Ulteriore chiarimento è intervenuto con la recente pronuncia delle sezioni unite 13676/2014, nella quale è stato ribadito che “il termine di decadenza per la presentazione dell’istanza di rimborso, con riferimento ai versamenti in acconto, decorre dal versamento del saldo, nel caso in cui il diritto al rimborso derivi da un’eccedenza dei versamenti in acconto, rispetto a quanto risulti poi dovuto a saldo, oppure qualora derivi da pagamenti cui inerisca un qualche carattere di provvisorietà, poiché subordinati alla successiva determinazione in via definitiva dell’obbligazione o della sua misura, mentre decorre dal giorno del versamento dell’acconto stesso, nel caso in cui quest’ultimo, già al momento in cui venne eseguito, non fosse dovuto o non lo fosse nella misura in cui fu versato, ovvero qualora fosse inapplicabile la disposizione di legge in base alla quale venne effettuato, poiché in questi casi l’interesse e la possibilità di richiedere il rimborso sorge sin dal momento in cui avviene il versamento” (cfr Cassazione, nn. 56, 4282 e 7926 del 2000, 14145/2001, 21557/2005, 13478/2008 e 416/2014).

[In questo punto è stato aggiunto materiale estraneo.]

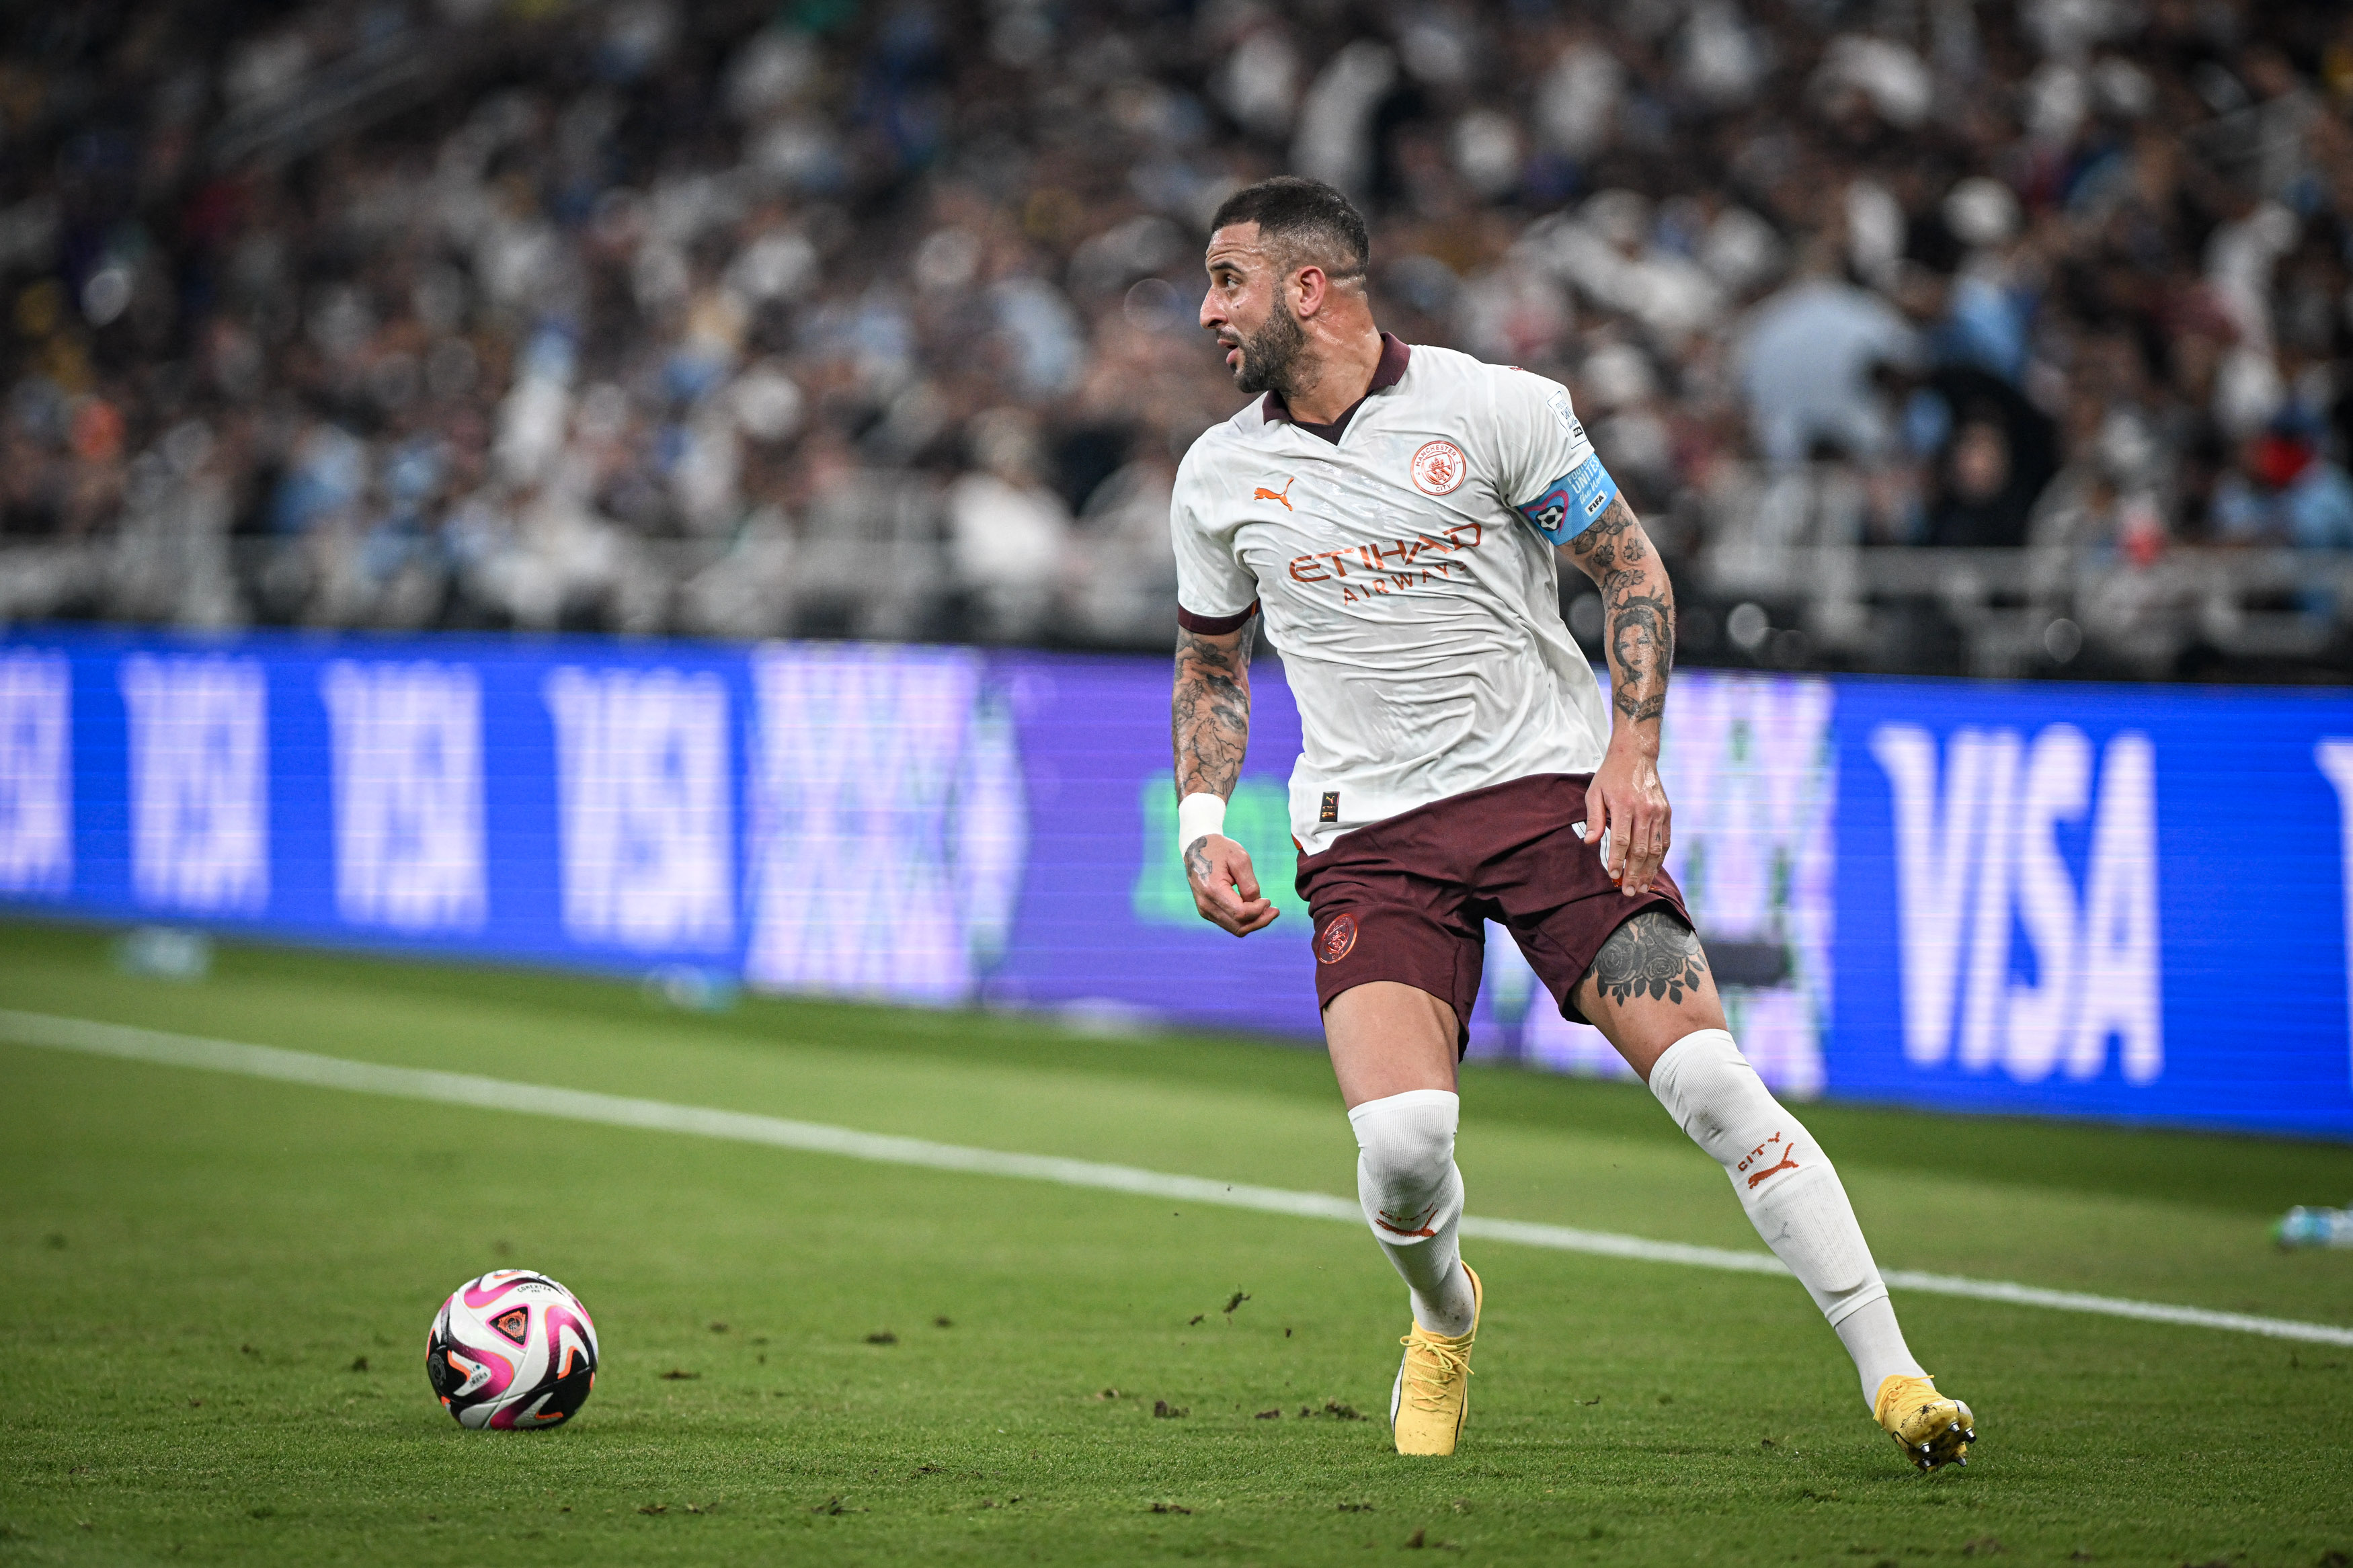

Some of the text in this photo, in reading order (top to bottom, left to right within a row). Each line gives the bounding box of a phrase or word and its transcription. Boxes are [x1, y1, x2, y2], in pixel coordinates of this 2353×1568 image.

[1416, 445, 1457, 467] MANCHESTER
[1571, 456, 1599, 494] UNITES
[1435, 483, 1451, 492] CITY
[1588, 495, 1604, 513] FIFA
[1289, 523, 1482, 583] ETIHAD
[1870, 722, 2164, 1085] VISA
[1737, 1131, 1780, 1171] CITY

Detto termine di decadenza “non può farsi decorrere dalla data della emanazione di circolari o risoluzioni ministeriali interpretative delle norme tributarie in senso favorevole al contribuente, non avendo detti atti natura normativa ed essendo, quindi, inidonei ad incidere sul rapporto tributario” (cfr Cassazione, 11020/1997, 813/2005, 23042/2012 e 1577/2014)”.

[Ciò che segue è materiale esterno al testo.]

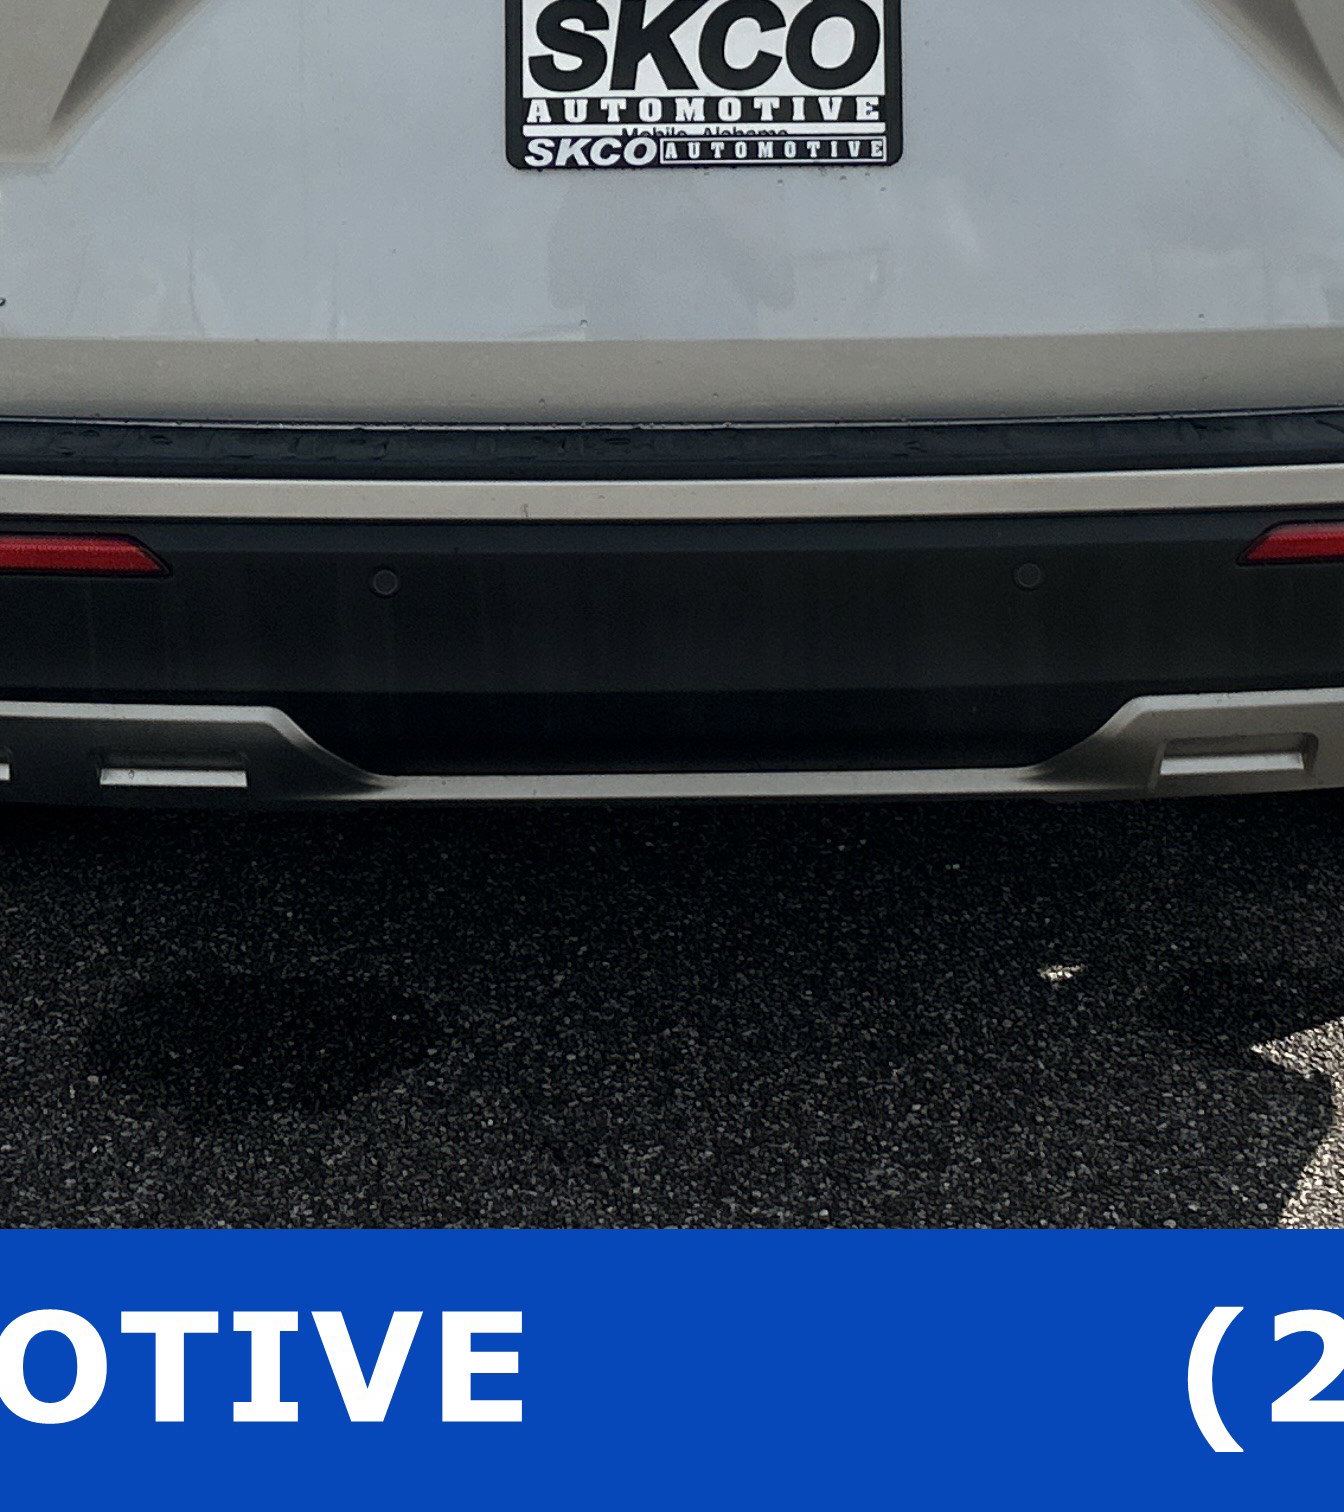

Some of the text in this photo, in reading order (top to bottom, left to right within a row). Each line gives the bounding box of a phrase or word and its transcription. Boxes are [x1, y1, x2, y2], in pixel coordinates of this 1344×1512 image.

In conclusione, a giudizio della Corte suprema, “avendo il termine di decadenza di cui al D.P.R. n. 602 del 1973, art. 38 portata generale, riferendosi a qualsiasi ipotesi di indebito correlato all’adempimento dell’obbligazione tributaria, qualunque sia la ragione per cui il versamento è in tutto o in parte non dovuto, e quindi ad errori tanto connessi ai versamenti, quanto riferibili all'”an” o al “quantum” del tributo” e, nascendo, nel caso di specie, il diritto al rimborso dall’assoggettabilità a Irap dell’attività professionale, l’istanza era tardiva, in quanto proposta oltre il termine di legge.